─── Material for this task ───

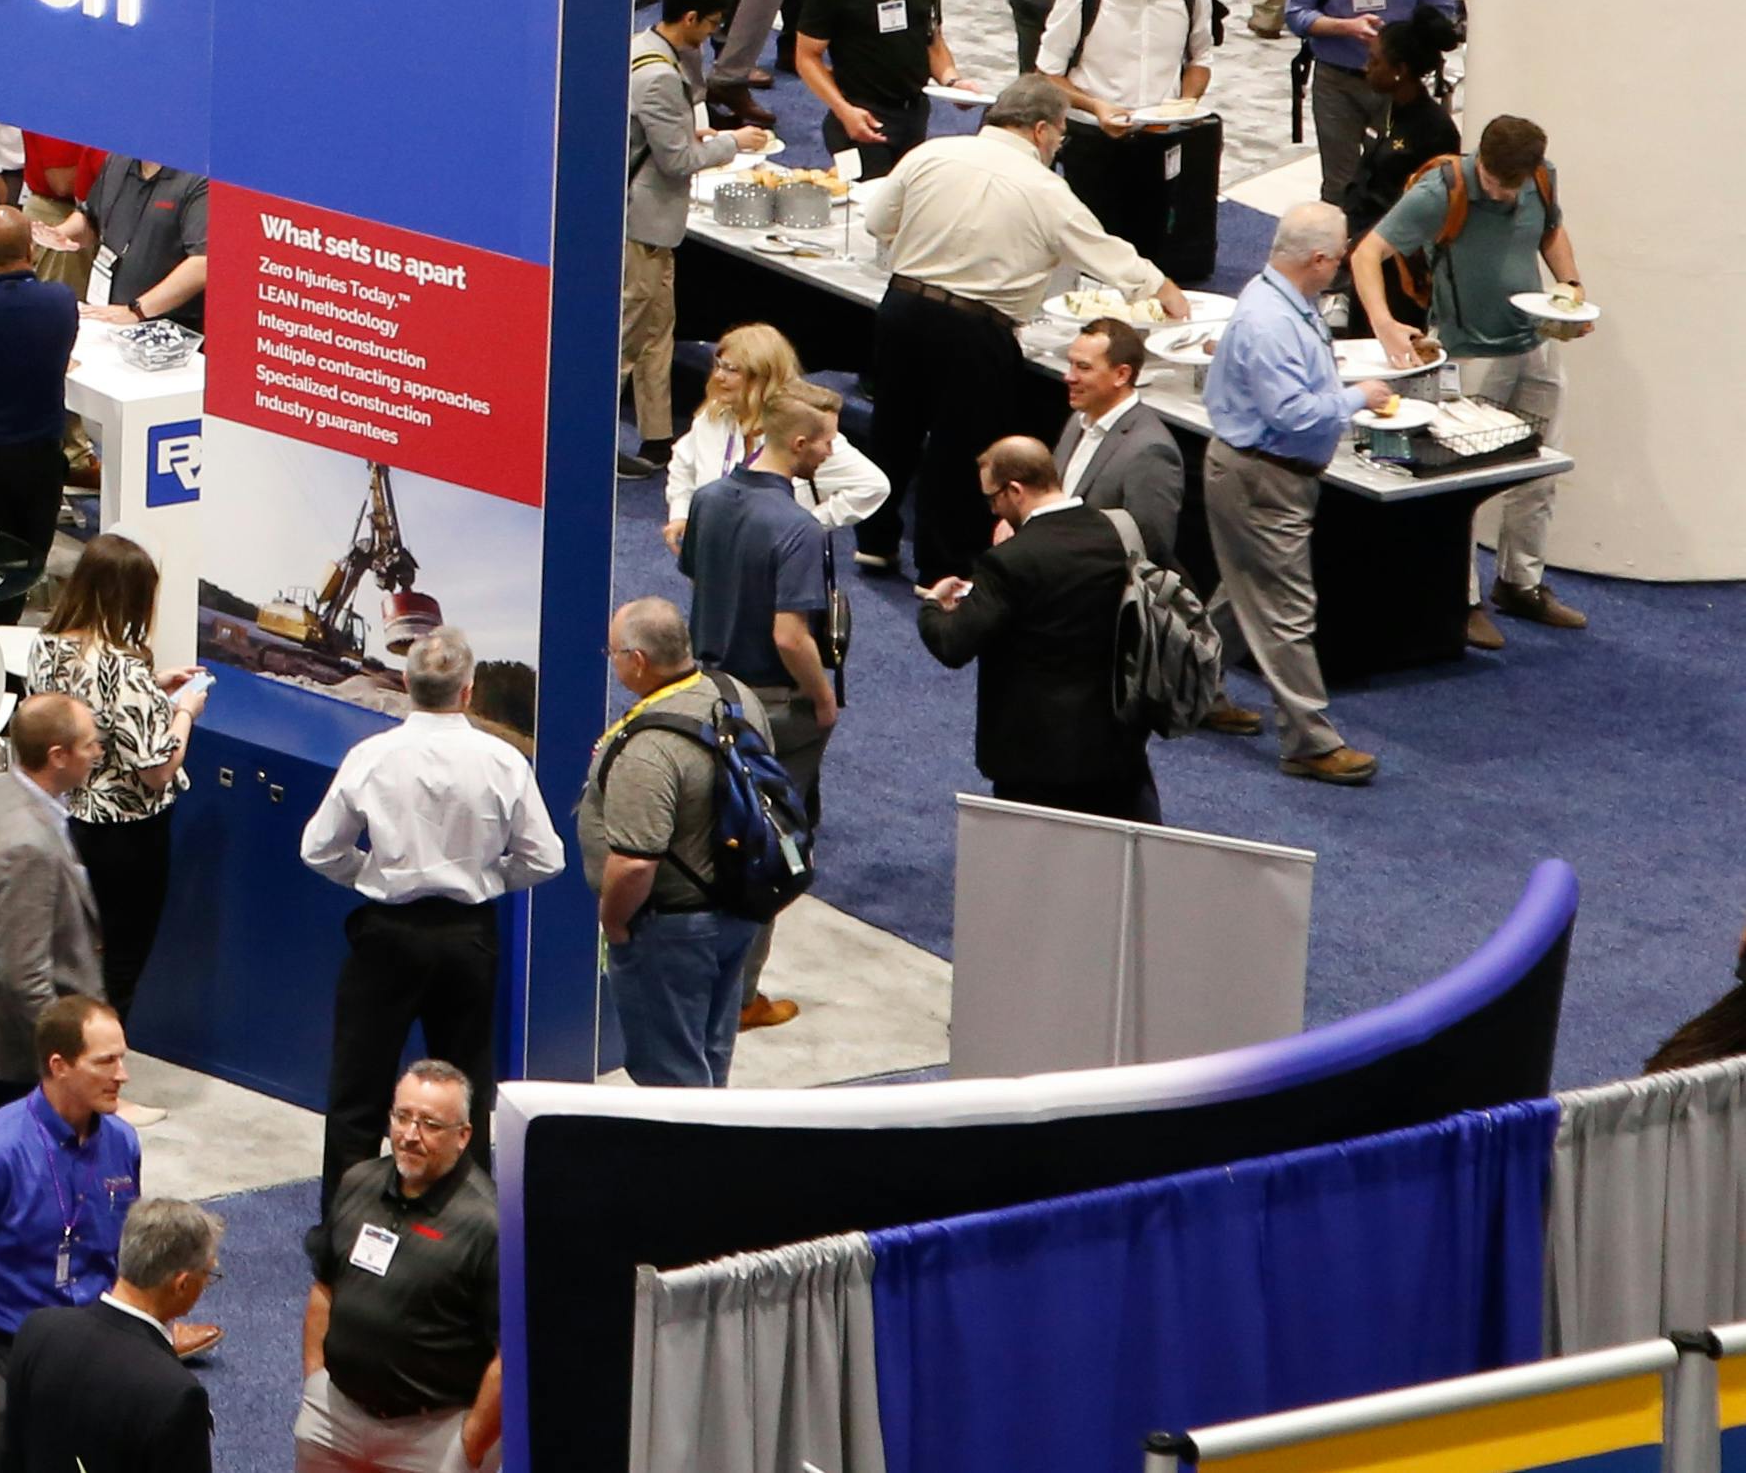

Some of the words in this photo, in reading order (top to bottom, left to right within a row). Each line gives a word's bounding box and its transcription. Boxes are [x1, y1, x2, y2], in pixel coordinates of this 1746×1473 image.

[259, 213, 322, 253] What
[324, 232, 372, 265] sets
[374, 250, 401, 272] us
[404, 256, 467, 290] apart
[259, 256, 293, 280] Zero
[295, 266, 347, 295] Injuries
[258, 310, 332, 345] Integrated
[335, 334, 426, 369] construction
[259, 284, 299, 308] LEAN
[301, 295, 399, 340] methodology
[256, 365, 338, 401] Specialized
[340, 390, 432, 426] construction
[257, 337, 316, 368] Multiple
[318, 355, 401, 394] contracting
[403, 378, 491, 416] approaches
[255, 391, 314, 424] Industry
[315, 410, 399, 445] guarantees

───

**Exercise:**
Retype all the data exactly. Omit pictures.

**Task answer:**
Some of the words in this photo, in reading order (top to bottom, left to right within a row). Each line gives a word's bounding box and its transcription. Boxes are [x1, y1, x2, y2], in pixel coordinates of this 1746×1473 image.

[259, 213, 322, 253] What
[324, 232, 372, 265] sets
[374, 250, 401, 272] us
[404, 256, 467, 290] apart
[259, 256, 293, 280] Zero
[295, 266, 347, 295] Injuries
[258, 310, 332, 345] Integrated
[335, 334, 426, 369] construction
[259, 284, 299, 308] LEAN
[301, 295, 399, 340] methodology
[256, 365, 338, 401] Specialized
[340, 390, 432, 426] construction
[257, 337, 316, 368] Multiple
[318, 355, 401, 394] contracting
[403, 378, 491, 416] approaches
[255, 391, 314, 424] Industry
[315, 410, 399, 445] guarantees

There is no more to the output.